MonthOctober 2019

Come From Away and The Book of Mormon

Photo by Peter Lewicki on Unsplash

This summer my wife and I saw Come From Away.

We also saw The Book of Mormon.

Completely different experiences.

Come from Away tells the story of what happened in Gander, Nova Scotia on September 11, 2001.  When President Bush closed American airspace all the US-bound aircraft needed to land elsewhere.  38 big jets landed in Gander, almost doubling the population of this small Canadian town.  This is a story about real people doing something beautiful in very difficult circumstances.
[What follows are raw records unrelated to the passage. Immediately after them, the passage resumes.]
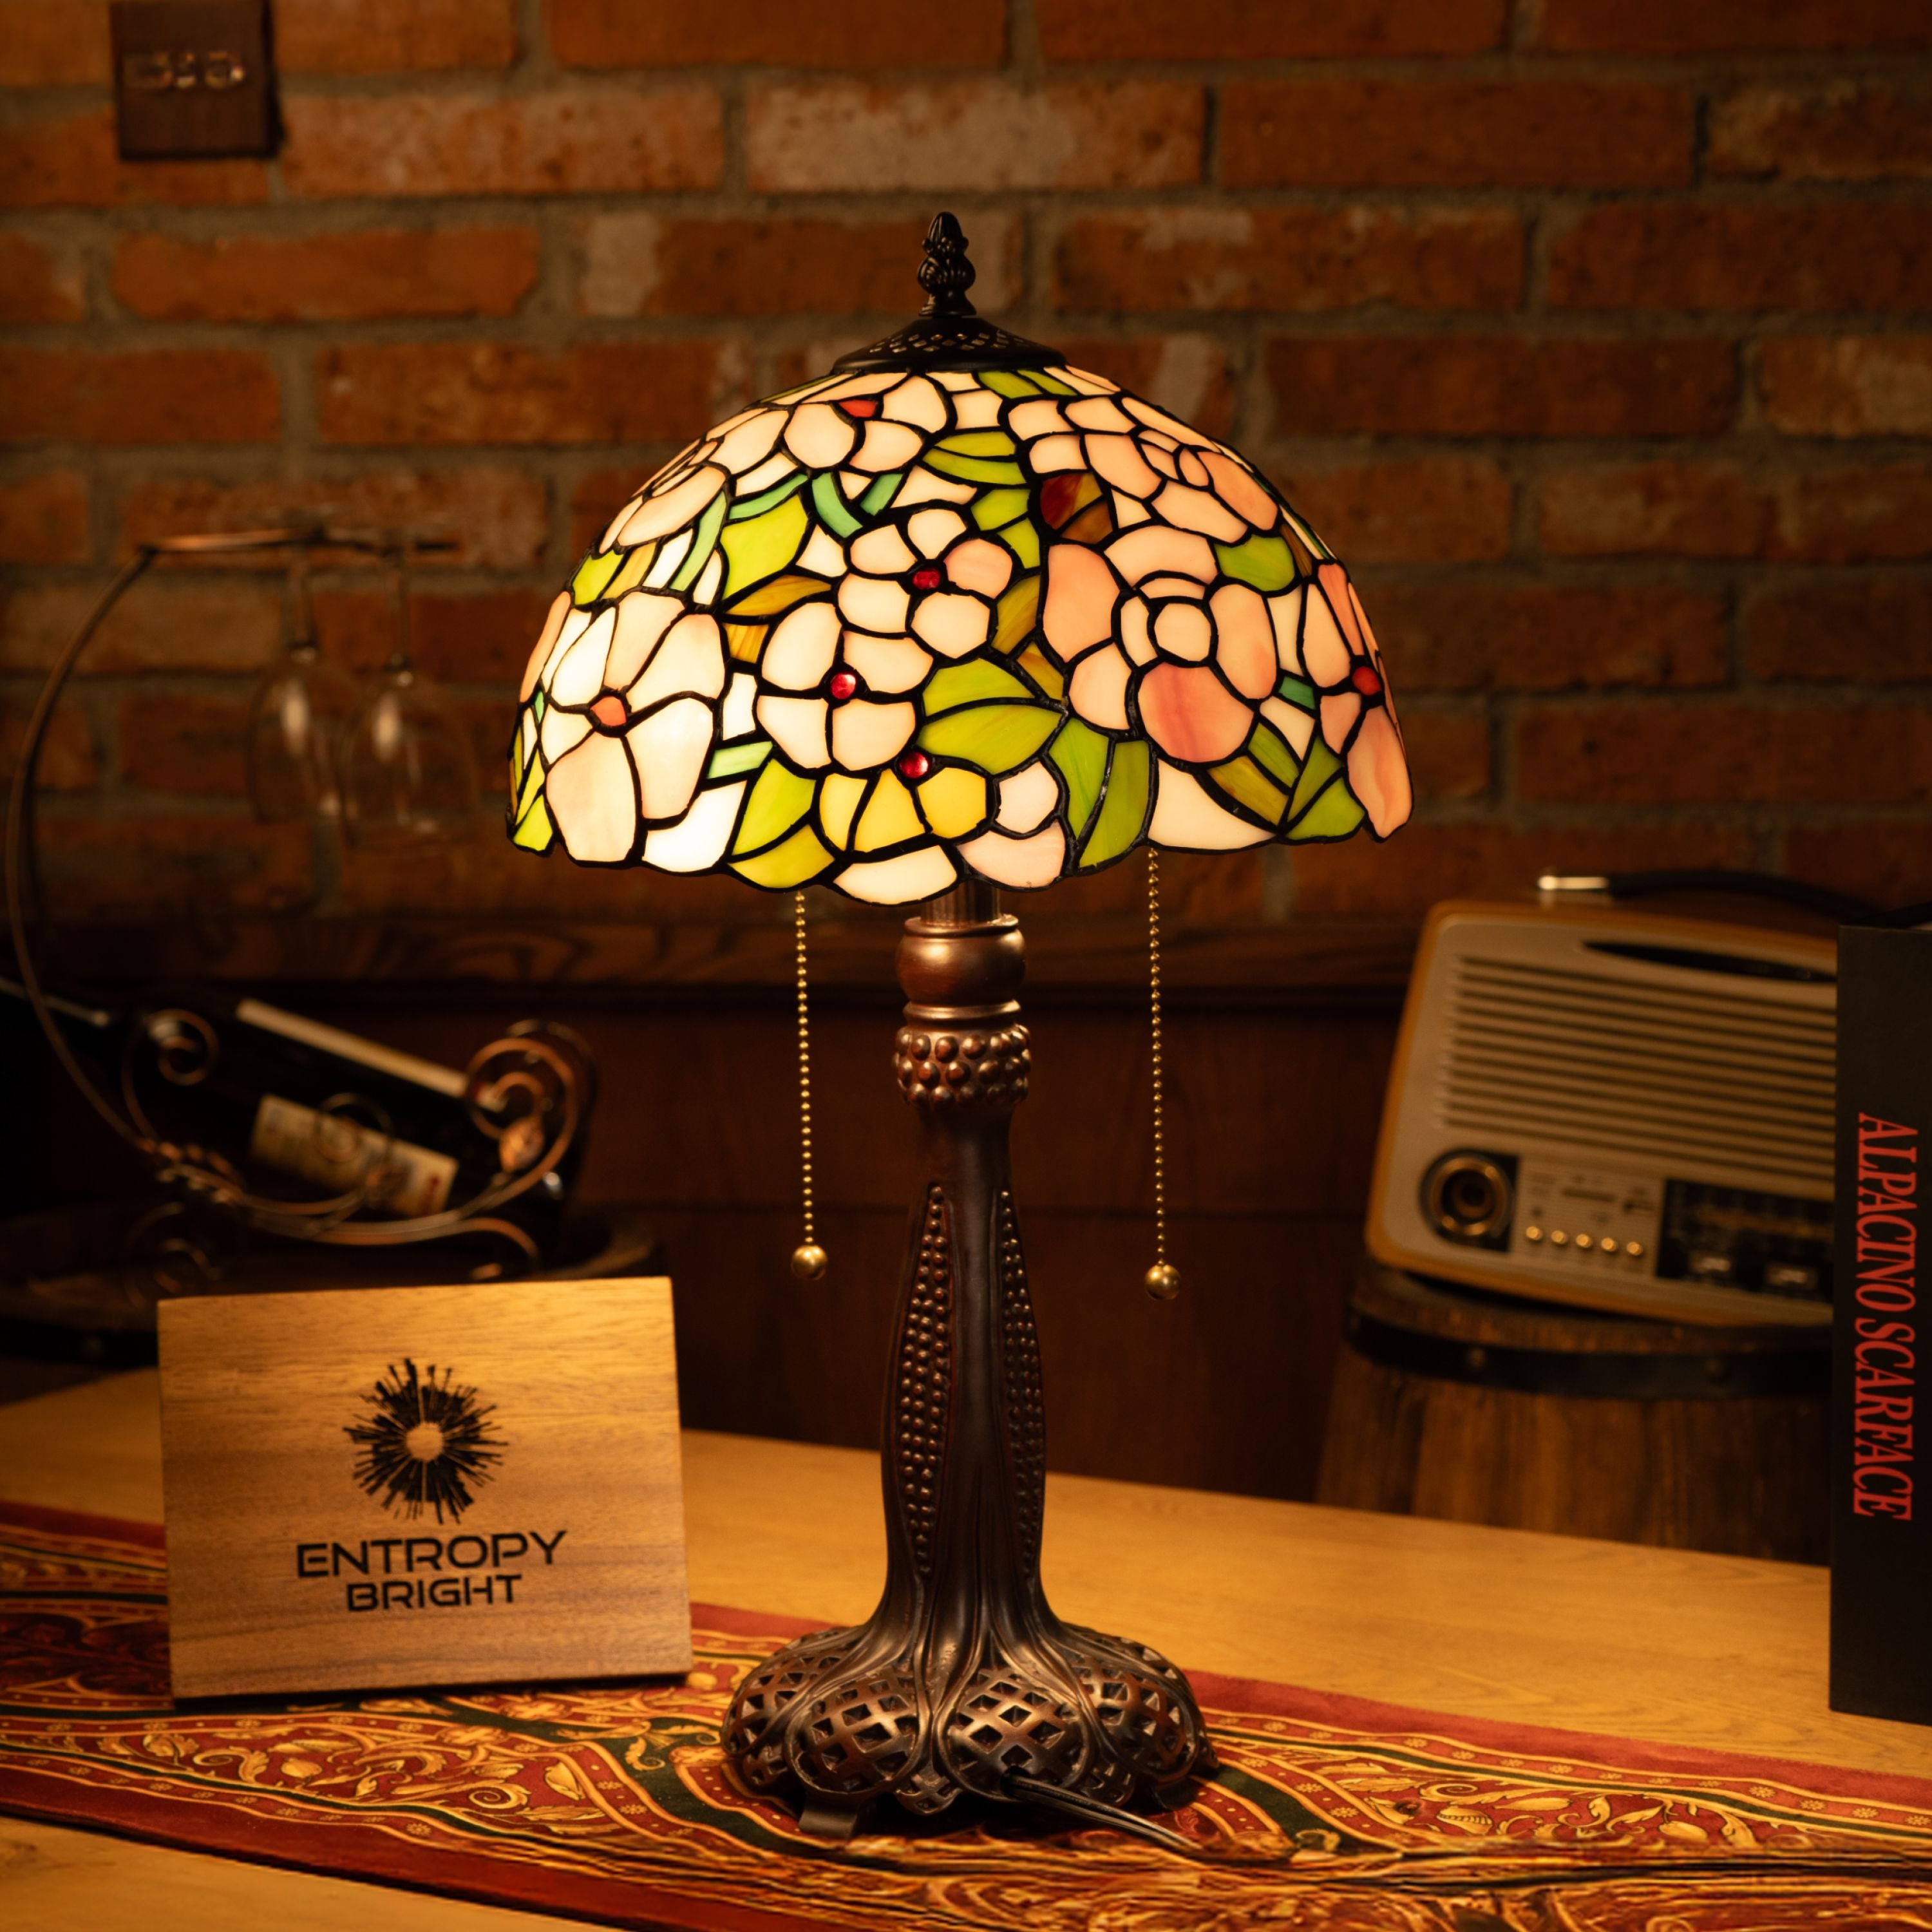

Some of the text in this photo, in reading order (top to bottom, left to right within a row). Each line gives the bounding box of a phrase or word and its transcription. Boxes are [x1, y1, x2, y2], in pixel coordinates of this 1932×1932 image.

[1853, 1318, 1915, 1520] SCARFACE
[296, 1530, 567, 1578] ENTROPY
[346, 1574, 522, 1613] BRIGHT
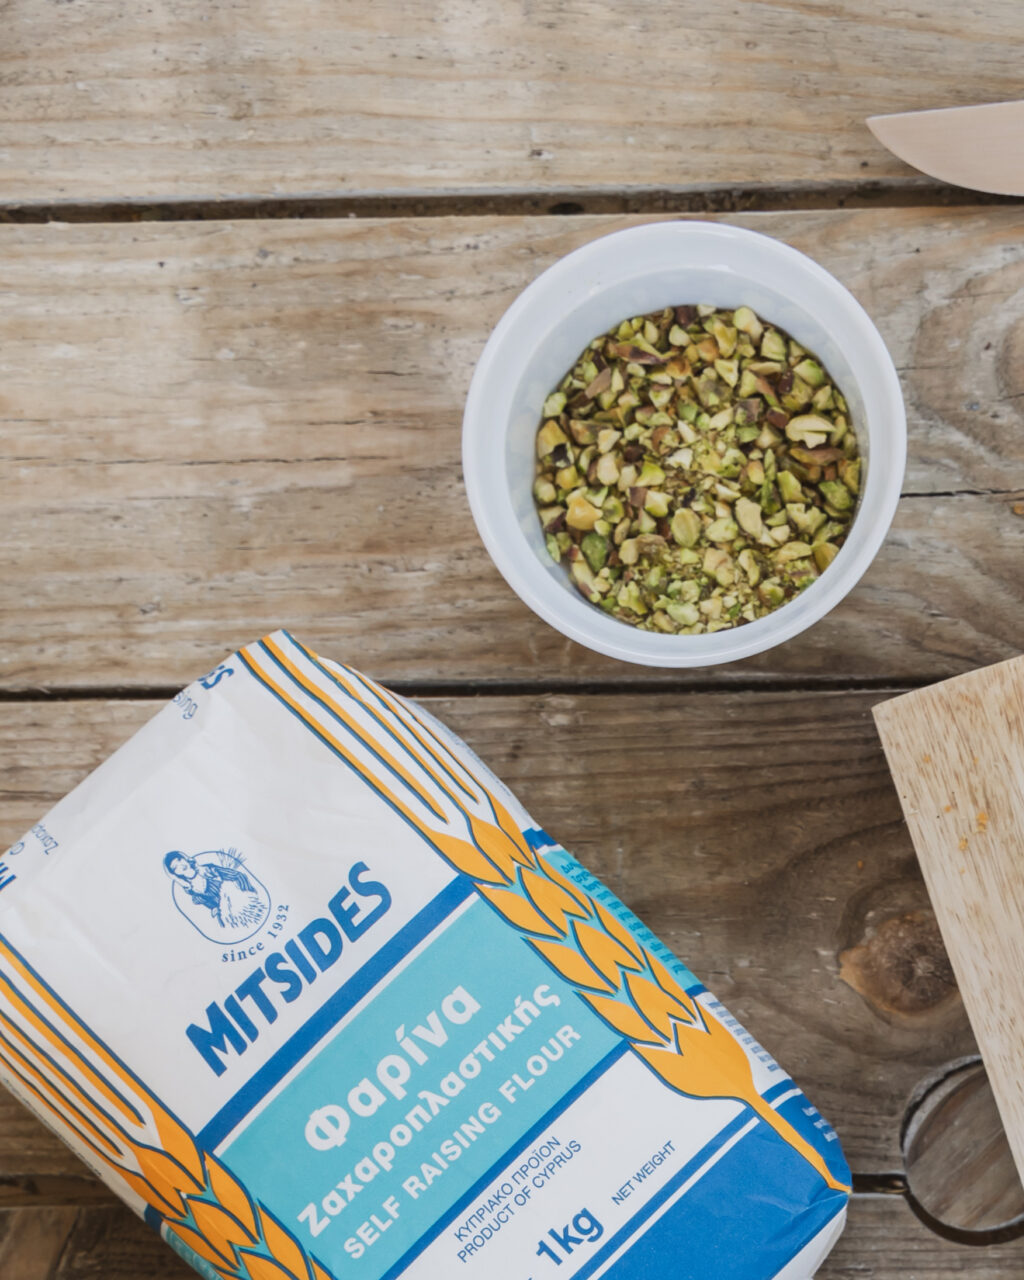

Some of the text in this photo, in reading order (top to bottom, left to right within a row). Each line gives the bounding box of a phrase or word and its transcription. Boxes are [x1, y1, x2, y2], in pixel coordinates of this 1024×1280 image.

[185, 860, 392, 1078] MITSIDES
[221, 903, 290, 963] since 1932
[296, 983, 562, 1238] Ζαχαροπλαστικής
[304, 984, 482, 1151] Φαρίνα
[343, 1024, 582, 1260] SELF RAISING FLOUR
[457, 1140, 582, 1264] PRODUCT OF CYPRUS
[610, 1140, 676, 1206] NET WEIGHT
[535, 1207, 605, 1267] 1kg
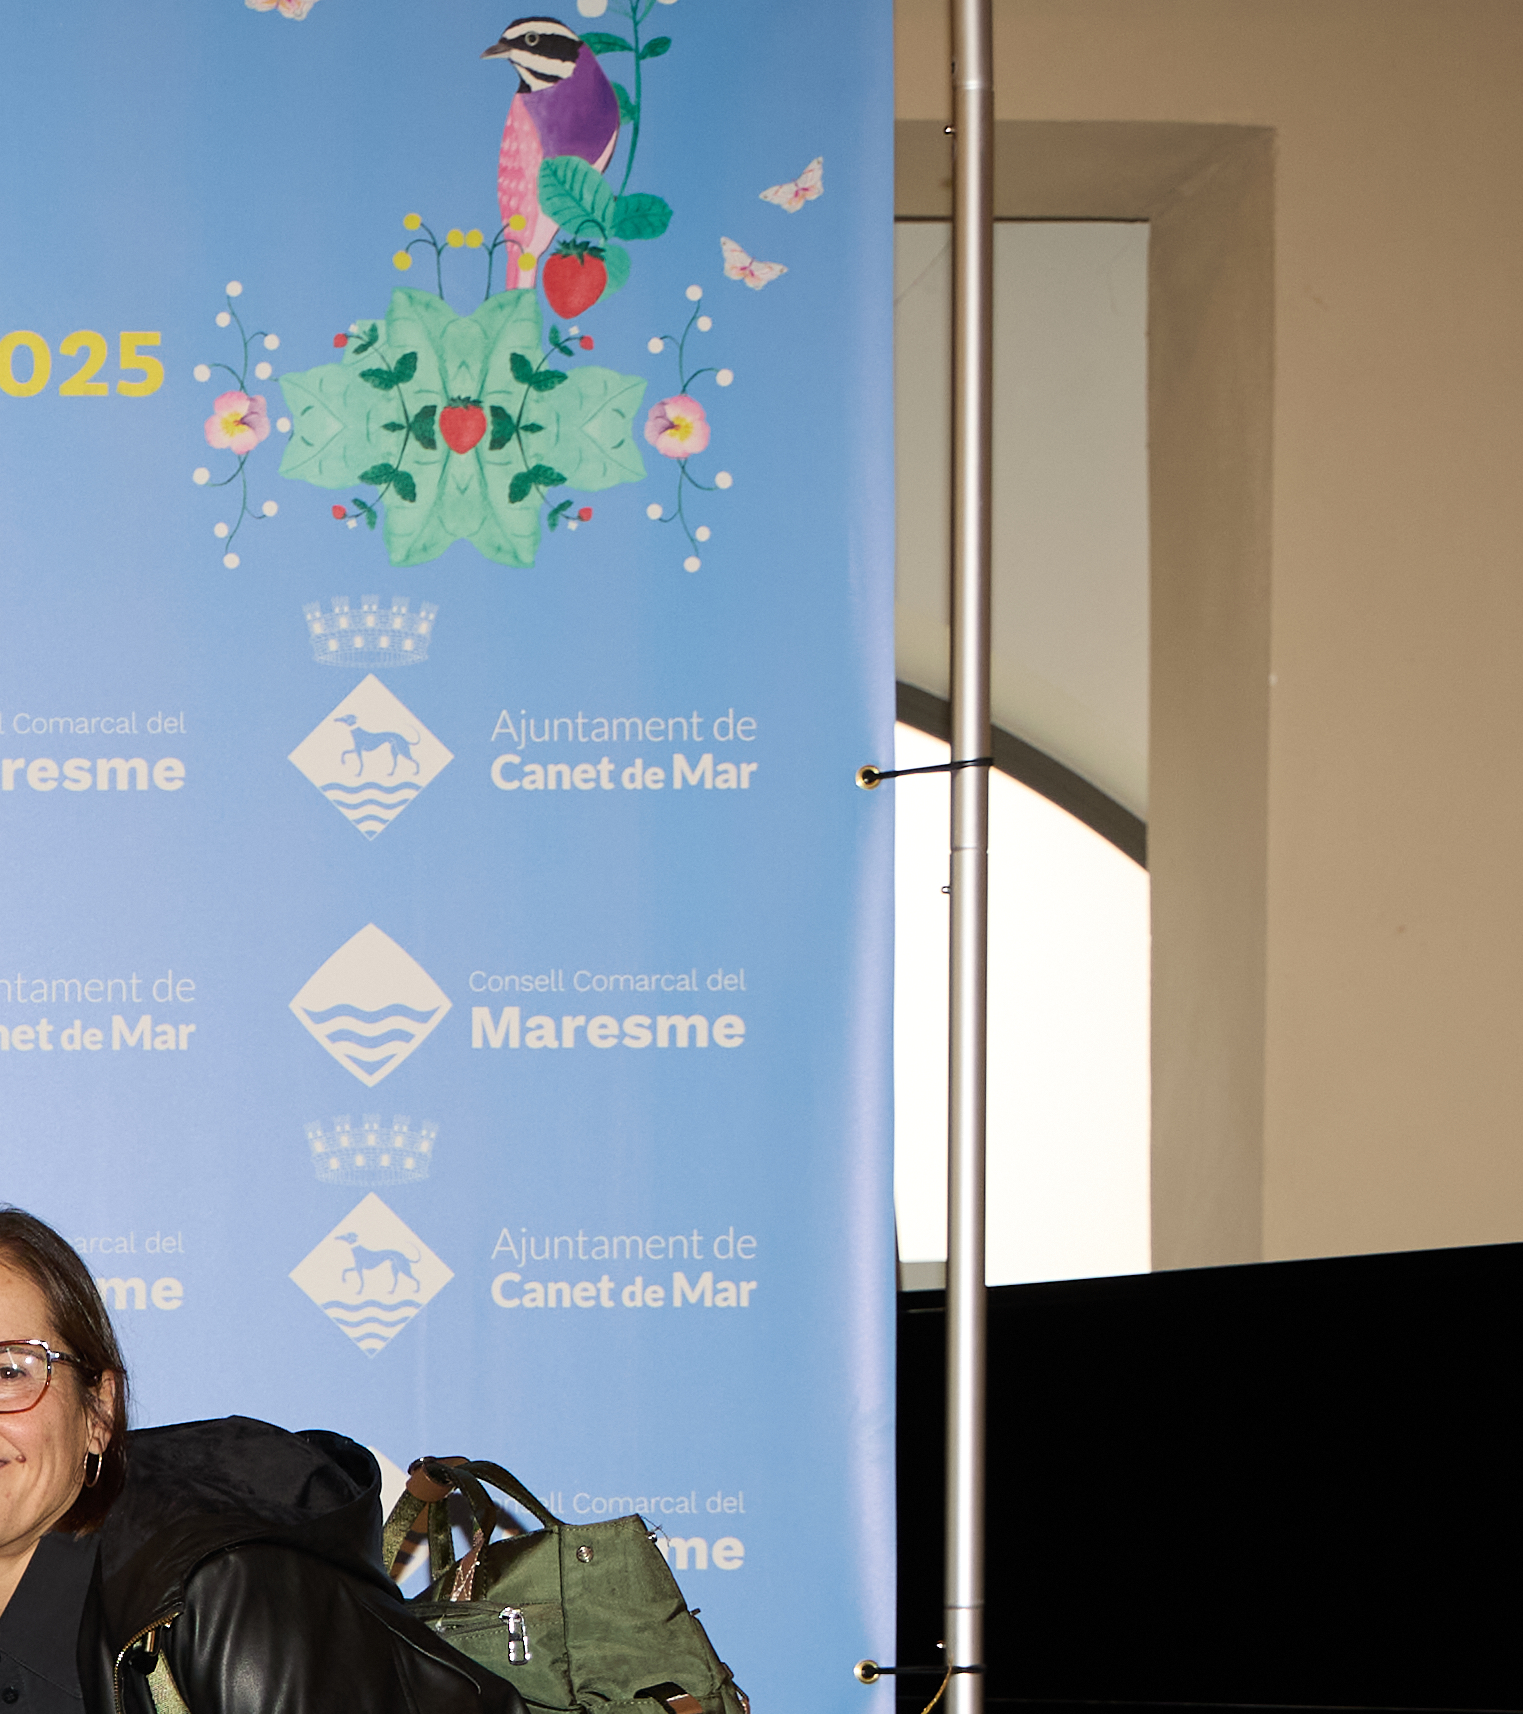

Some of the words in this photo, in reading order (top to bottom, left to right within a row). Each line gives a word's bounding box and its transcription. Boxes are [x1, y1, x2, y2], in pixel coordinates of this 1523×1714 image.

[13, 712, 137, 734] Comarcal
[147, 712, 184, 734] del
[491, 710, 703, 749] Ajuntament
[713, 708, 757, 741] de
[491, 753, 615, 790] Canet
[621, 758, 665, 790] de
[673, 753, 759, 789] Mar
[469, 969, 564, 991] Consell
[574, 969, 697, 991] Comarcal
[707, 969, 744, 991] del
[472, 1006, 746, 1049] Maresme
[145, 1231, 184, 1254] del
[492, 1228, 703, 1266] Ajuntament
[713, 1226, 757, 1259] de
[491, 1271, 615, 1308] Canet
[621, 1276, 665, 1308] de
[673, 1271, 758, 1308] Mar
[573, 1492, 697, 1515] Comarcal
[706, 1491, 745, 1514] del
The Book of Mormon is about a couple of young members of The Church of Jesus Christ of Latter-day Saints going on their missions trip to Uganda.  They are naive and unprepared to face the difficulties in Africa including HIV/AIDS, famine, female genital mutilation, and hostile warlords.  It was considerably more offensive and blasphemous than I expected, and I regretted being there almost immediately.

Why go to The Book of Mormon?  I love live theatre and I try to see the good ones.  It won nine Tony Awards and was called “the best musical of the century” by the New York Times.  I also consider it a bit of a responsibility to understand the culture and this play is hugely popular.  And The Prince of Wales theatre was reputed to have airconditioning and it was the hottest day in London’s recorded history–we needed to go someplace cool.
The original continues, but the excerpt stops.